DIANA JEFFERSON: Want to go skip rocks, Rosa?

ROSA JEFFERSON: Okay, I would grab this one. I will throw it.

ARCHIVAL (PBS, NEWSHOUR, 6-15-23):NEWS REPORT: The U.S. Supreme Court has upheld a decades-old law on adoptions of Native American children. The 1978 law gives preference to Native American families.

DIANA JEFFERSON: Throw further.

ARCHIVAL (ABC, 6-15-23):NEWS REPORT: The law was being challenged by a group of white Christian foster parents who alleged that it was unconstitutional racial discrimination.

ARCHIVAL (INDIAN COUNTRY TODAY, 6-15-23):NEWS REPORT: The federal law will remain intact.

AMY LONETREE: There has been a long history of child removal, to remove Native American children and place them in white homes. This legislation is so important. It is about the future of our nations, the future of our communities.

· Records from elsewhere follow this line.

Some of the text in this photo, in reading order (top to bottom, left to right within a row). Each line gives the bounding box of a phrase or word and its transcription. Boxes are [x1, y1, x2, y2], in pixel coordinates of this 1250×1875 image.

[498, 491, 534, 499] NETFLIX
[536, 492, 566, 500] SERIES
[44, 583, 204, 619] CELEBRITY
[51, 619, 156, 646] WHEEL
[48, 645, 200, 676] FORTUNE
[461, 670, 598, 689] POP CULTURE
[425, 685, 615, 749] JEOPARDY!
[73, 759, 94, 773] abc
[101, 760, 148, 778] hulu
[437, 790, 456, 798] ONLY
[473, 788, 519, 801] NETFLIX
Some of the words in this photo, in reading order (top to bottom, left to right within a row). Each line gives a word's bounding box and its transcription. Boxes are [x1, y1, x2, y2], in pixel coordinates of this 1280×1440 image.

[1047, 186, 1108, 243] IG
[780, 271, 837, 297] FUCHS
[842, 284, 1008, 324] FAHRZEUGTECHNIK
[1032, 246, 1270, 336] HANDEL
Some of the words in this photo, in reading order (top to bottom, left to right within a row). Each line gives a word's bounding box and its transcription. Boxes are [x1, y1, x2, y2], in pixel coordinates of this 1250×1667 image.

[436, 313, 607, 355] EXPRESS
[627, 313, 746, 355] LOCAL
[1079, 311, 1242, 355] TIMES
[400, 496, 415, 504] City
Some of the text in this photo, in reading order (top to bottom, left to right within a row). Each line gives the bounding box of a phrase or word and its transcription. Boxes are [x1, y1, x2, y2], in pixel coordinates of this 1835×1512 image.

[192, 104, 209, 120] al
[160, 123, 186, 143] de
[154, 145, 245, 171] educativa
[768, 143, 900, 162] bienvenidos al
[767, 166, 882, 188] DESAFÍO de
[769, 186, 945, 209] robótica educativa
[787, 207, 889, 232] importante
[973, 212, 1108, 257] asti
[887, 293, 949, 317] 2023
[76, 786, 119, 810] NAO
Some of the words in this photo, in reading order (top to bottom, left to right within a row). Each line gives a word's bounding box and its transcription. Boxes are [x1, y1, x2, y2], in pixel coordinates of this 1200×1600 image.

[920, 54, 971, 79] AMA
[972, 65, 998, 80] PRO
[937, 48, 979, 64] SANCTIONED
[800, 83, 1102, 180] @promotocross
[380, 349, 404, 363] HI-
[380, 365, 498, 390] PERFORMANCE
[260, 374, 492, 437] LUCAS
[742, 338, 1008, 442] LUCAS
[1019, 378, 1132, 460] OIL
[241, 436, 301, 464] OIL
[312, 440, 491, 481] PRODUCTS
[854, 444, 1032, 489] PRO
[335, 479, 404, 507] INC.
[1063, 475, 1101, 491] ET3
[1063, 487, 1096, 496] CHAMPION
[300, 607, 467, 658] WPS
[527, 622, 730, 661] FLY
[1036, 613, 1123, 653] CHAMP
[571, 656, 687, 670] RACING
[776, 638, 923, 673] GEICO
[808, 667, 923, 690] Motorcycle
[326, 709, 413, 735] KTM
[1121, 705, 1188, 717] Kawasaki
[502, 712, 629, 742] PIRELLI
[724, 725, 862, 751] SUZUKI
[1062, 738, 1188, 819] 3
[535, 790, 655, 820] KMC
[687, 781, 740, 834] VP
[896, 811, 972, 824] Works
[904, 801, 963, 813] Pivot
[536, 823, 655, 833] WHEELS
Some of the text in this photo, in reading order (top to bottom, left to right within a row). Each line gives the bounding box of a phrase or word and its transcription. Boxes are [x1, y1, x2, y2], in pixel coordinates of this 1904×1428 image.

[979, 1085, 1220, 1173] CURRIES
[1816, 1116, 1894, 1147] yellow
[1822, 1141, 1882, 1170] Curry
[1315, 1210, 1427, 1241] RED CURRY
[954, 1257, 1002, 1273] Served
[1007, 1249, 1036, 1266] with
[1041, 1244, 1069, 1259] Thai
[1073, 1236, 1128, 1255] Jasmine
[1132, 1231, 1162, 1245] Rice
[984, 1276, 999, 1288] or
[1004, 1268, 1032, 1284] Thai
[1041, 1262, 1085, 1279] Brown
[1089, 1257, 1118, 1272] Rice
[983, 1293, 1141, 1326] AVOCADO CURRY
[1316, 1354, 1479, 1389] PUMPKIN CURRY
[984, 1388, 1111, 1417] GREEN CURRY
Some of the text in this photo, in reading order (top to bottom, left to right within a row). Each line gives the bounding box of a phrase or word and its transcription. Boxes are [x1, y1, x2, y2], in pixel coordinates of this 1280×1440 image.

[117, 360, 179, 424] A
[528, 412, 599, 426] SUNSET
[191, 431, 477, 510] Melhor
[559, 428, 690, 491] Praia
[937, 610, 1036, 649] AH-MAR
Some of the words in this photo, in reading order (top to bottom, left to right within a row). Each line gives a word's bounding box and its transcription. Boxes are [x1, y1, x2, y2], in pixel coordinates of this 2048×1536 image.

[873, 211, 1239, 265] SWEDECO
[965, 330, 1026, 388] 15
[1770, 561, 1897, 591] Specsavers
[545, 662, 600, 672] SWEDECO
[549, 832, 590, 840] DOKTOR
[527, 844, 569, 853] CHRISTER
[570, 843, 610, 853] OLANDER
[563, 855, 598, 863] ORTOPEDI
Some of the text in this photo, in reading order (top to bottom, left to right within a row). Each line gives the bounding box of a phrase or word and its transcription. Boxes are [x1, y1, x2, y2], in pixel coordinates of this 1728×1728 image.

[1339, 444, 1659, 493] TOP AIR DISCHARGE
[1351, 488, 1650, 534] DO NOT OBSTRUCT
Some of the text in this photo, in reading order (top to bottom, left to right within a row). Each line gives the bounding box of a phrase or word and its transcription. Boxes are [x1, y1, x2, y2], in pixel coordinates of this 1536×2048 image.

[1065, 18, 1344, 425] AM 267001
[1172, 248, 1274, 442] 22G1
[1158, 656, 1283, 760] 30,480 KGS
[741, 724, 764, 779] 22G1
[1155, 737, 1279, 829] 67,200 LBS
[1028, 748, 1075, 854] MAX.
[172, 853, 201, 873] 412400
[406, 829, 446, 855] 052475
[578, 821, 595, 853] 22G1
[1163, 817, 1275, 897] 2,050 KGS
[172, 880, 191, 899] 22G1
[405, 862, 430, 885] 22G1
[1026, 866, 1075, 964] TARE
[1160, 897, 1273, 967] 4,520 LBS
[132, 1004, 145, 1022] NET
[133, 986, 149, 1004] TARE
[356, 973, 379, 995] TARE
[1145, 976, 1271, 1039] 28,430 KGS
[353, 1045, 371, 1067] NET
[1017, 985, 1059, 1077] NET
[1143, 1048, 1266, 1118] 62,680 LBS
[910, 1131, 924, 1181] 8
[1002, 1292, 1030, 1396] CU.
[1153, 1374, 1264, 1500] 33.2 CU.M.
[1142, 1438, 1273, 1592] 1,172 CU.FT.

TEXT ON SCREEN: GENERATIONS STOLEN

DIANA PHAIR (DRIVING IN HER CAR GIVING A TOUR OF THE RESERVATION): This is the Lummi Reservation, and were not on an island, but were a long peninsula and water is on – water is a big part of our heritage. Its your canoe racing, your harvesting of your clams and your fish.

DIANA PHAIR (LUMMI NATION, EXECUTIVE DIRECTOR, LUMMI HOUSING AUTHORITY): We knew we wanted to build a project here, a place that would be helping to bring children home out of foster care. Because at that time, we had over 200 kids in foster care. We had people come in saying, I lost my kids. I need to get my kids back. And so we knew we needed to help provide the stable housing for return of the children.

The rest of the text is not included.